• What is needed: Would you write out every entry exactly, but without the pictures?
─── Extracted records ───
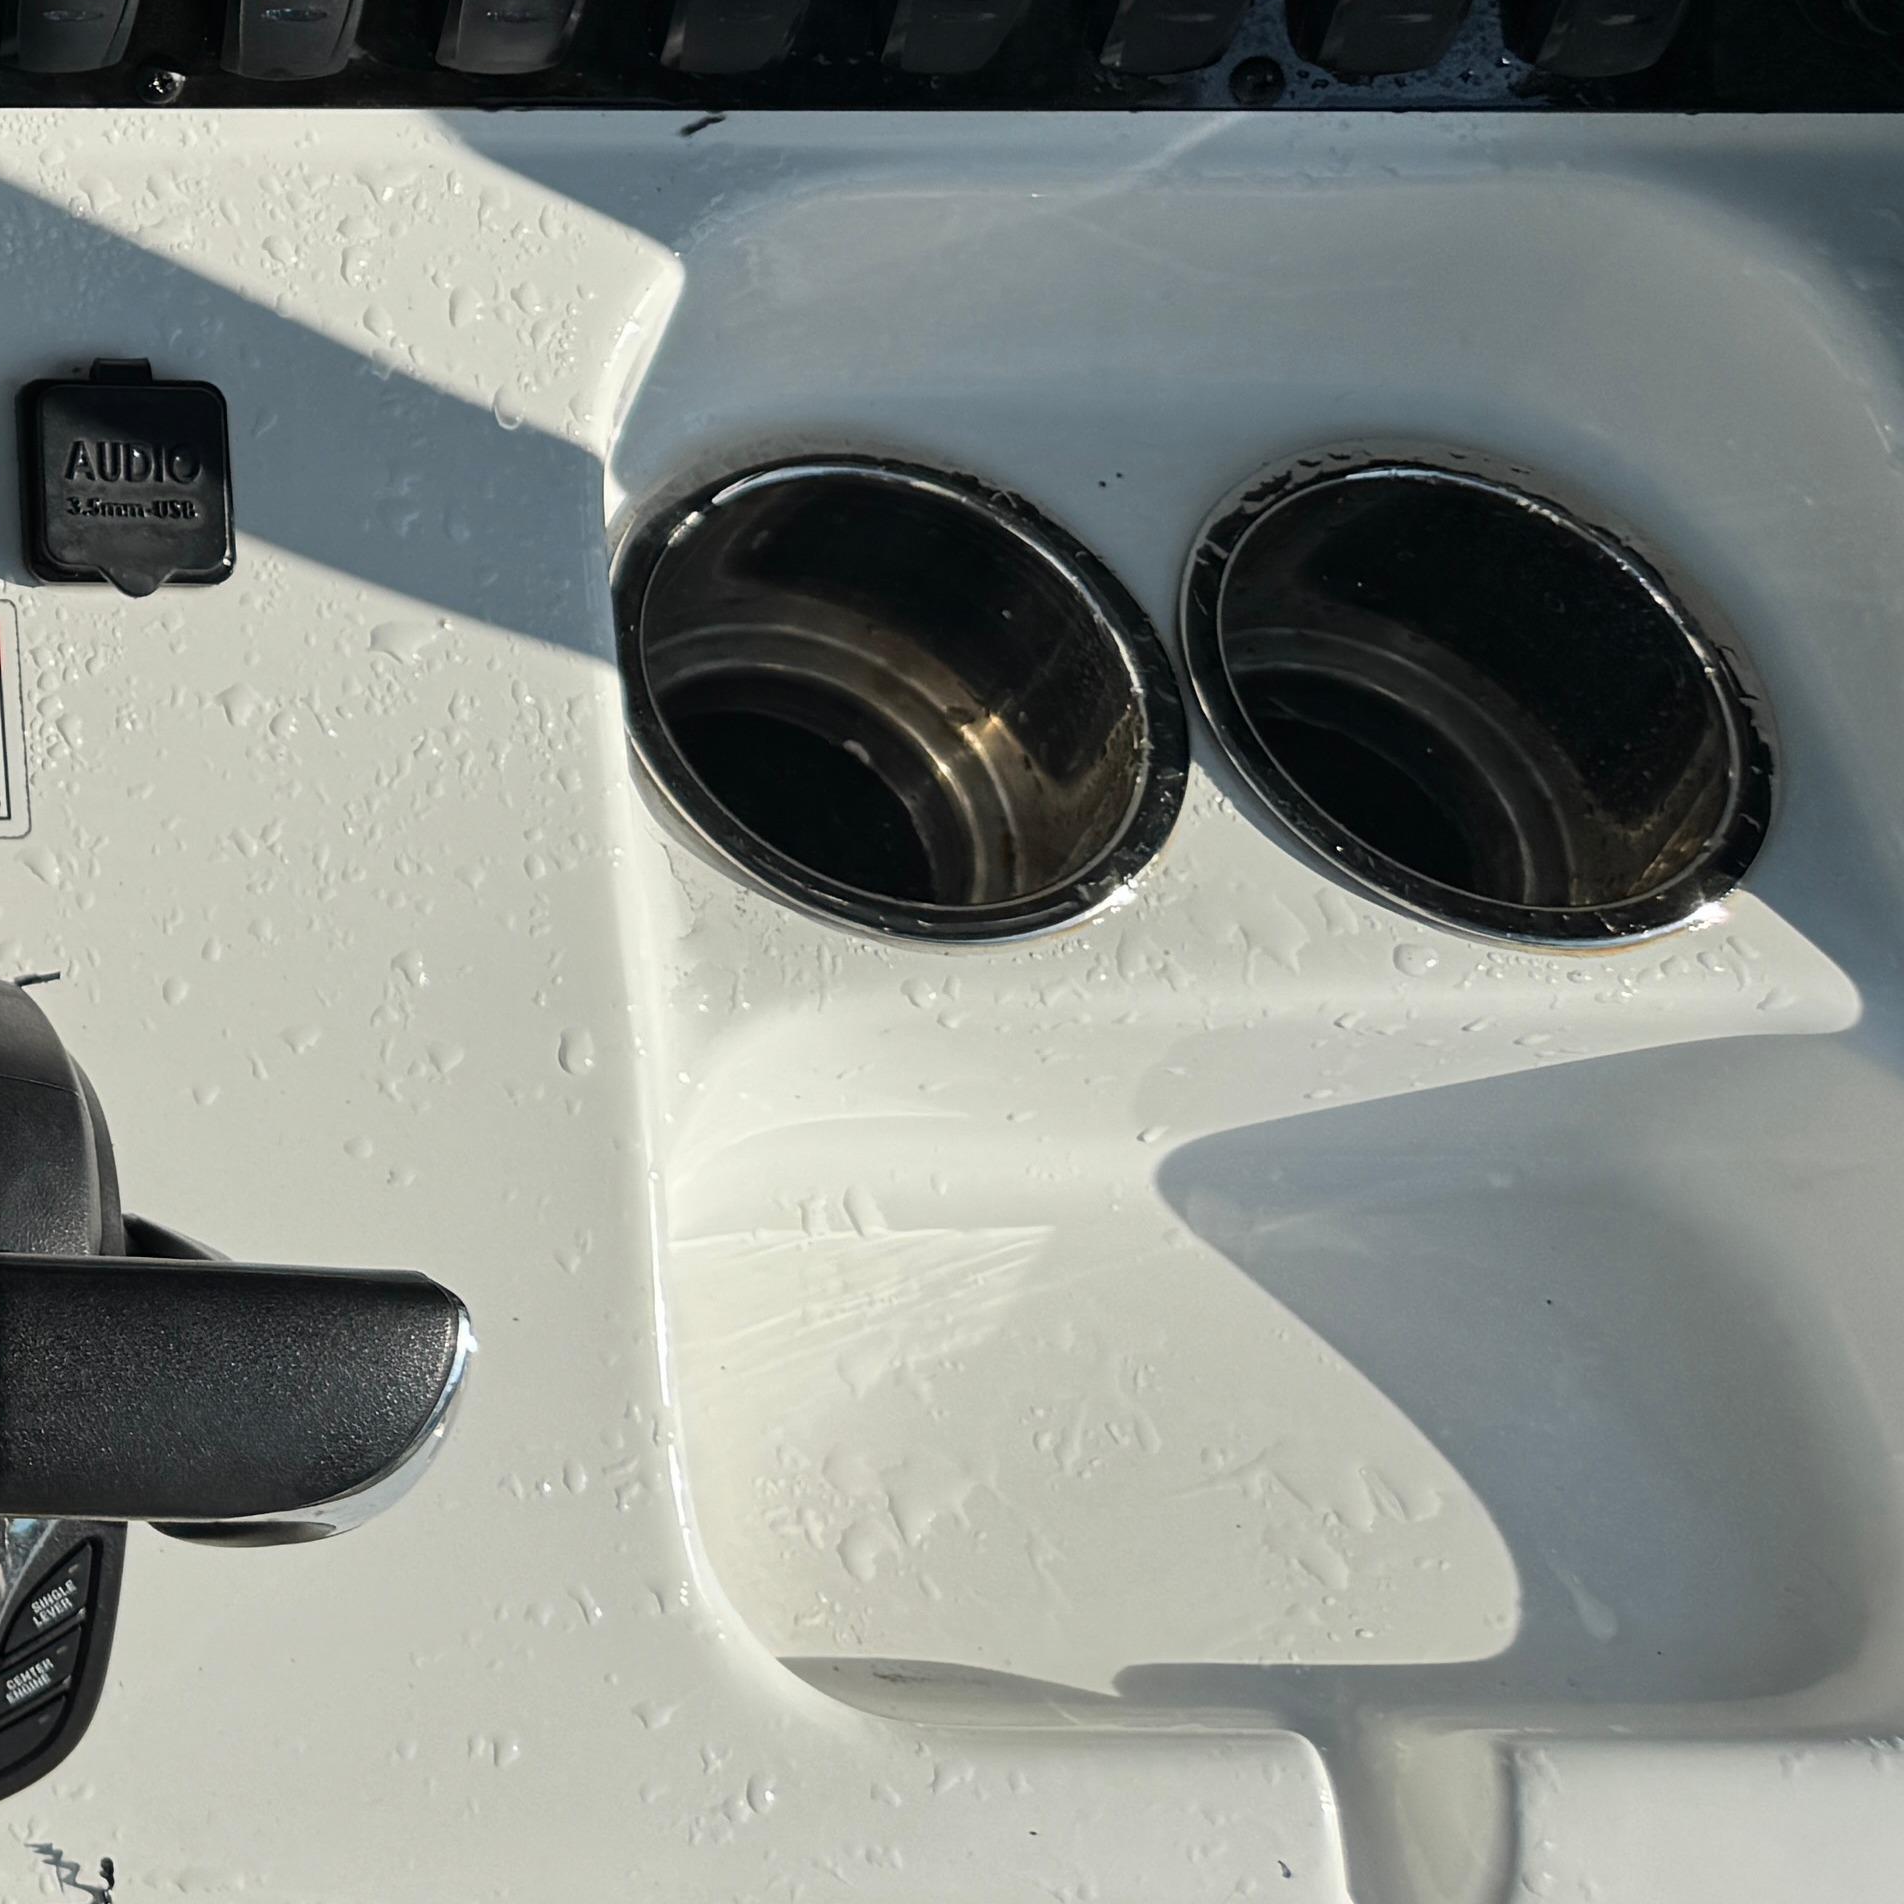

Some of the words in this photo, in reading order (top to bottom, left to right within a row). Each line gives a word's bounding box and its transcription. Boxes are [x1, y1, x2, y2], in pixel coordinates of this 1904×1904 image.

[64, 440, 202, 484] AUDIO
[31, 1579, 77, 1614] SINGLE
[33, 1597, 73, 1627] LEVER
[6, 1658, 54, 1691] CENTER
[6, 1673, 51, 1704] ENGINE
───
• Result for this task:
Some of the words in this photo, in reading order (top to bottom, left to right within a row). Each line gives a word's bounding box and its transcription. Boxes are [x1, y1, x2, y2], in pixel coordinates of this 1904×1904 image.

[64, 440, 202, 484] AUDIO
[31, 1579, 77, 1614] SINGLE
[33, 1597, 73, 1627] LEVER
[6, 1658, 54, 1691] CENTER
[6, 1673, 51, 1704] ENGINE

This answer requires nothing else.